Kalian baca pake baju apa? Siapa tahu warnanya sama :) artinya kita satu partai dan membentuk koalisi.
Ya udah, jangan lupa makan, abis makan minum ya! Gue ngingetin minum, soalnya kemaren ngientein makan doang, yang diingetin seret katanya soalnya nggak minum.
Oke! Jaga kesehatan! Sekarang Happy reading!
Tarik napas dulu!
.
.
.
Mereka menuruti mau gue untuk balik lagi ke rumah Ibuk nemuin Daddy dan membela Mas Al.
Rasa sakit, sesak dan ngilu ditumpuk dan ditimbun menjadi satu. Mata ini basah meratap mengatakan Mas Al nggak bersalah karena gue yang datang ke dia setelah kabur.
Pembelaan di-iya-kan dan masalah diselesaikan secara kekeluargaan, tapi dengan syatar gue harus pulang dan berhenti berhubungan dengan Mas Al dan apa pun yang menyangkut dirinya.
Semesata ... Dega hampir sakit jiwa setelah Kau buat gue rasakan patah hati terhebat ini.
Gue peluk Orenjus dalam kotak kaca, dingin kaku tubuh ini selama perjalanan pulang ke rumah. Gue diem, tapi air mata gue terus ngalir tanpa henti.
Apa ini yang disebut seolah waktu berhenti? Apa ini akan menjadi salah satu kematian pertamaku? Sakit sekali saat gue nggak bisa lagi ngomong apa-apa dan memilih mas Al bebas dari tuduhan dan kami dipisahkan.
Makin sesak dada gue, makin erat gue peluk kotak kaca Orenjus, merunduk dan bahu ini kembali bergetar karena menangis. "Orenjuss ..., tolong ini sakit banget,"
Sesenggukan tanpa ada yang peduli gue sakit hati dan menangis hampir pingsan begini. Ajudan tadi duduk di kursi depan sebelah si pengemudi, sementara Daddy ada di mobil yang lain lagi.
"Mas Al ...," panggil gue terisak lirih menyebut namanya.
Sakit, sakit banget sumpah ketika kami beneran harus terpisah dengan cara begini.
Nyampe di rumah, pelataran rumah gue kembali sesak berjejal-jejalan para pencari berita. Yah! Di sana ada kamera recorder, awak media berkerumun dan melontarkan pertanyaan yang memaksa.
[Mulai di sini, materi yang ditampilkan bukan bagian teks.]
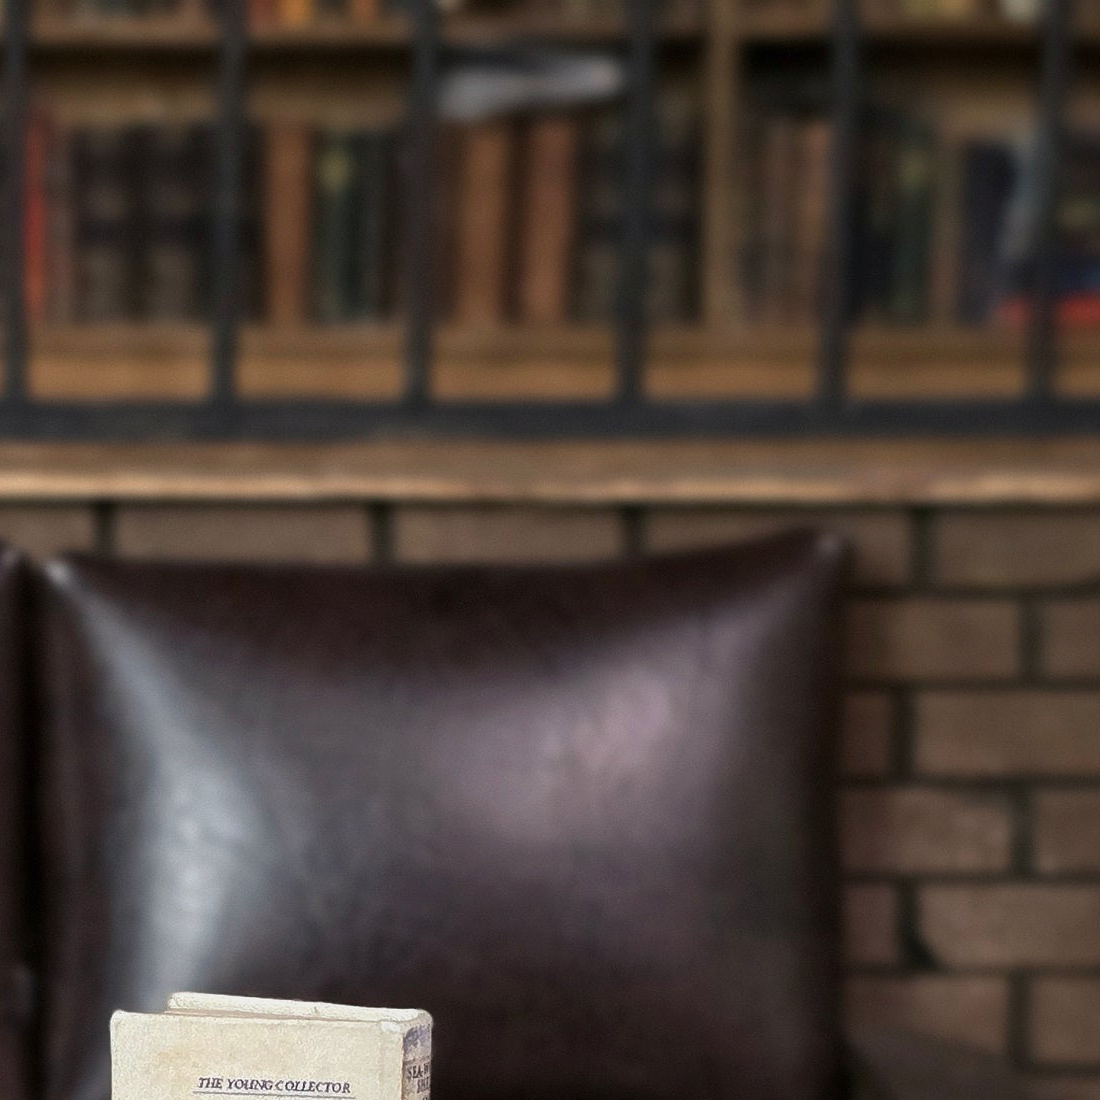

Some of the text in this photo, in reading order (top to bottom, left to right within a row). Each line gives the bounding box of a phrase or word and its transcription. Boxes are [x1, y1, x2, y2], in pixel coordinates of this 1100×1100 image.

[199, 1077, 351, 1094] THE YOUNG COLLECTOR
Gue dalam mobil merunduk dalam membungkuk menyembunyikan diri dengan semkain mengeratkan pelukan pada kotak kaca Orenjus. Gue benci ini! Ini sama seperti sepuluh tahun yang lalu di mana gue jadi pusat dunia untuk dikasihani waktu itu, atau tepatnya untuk digali dan digoreng beritanya tentamg betapa malang dan menderitanya Prabu Arya Pandega si anak menteri korban kejahatan manusia.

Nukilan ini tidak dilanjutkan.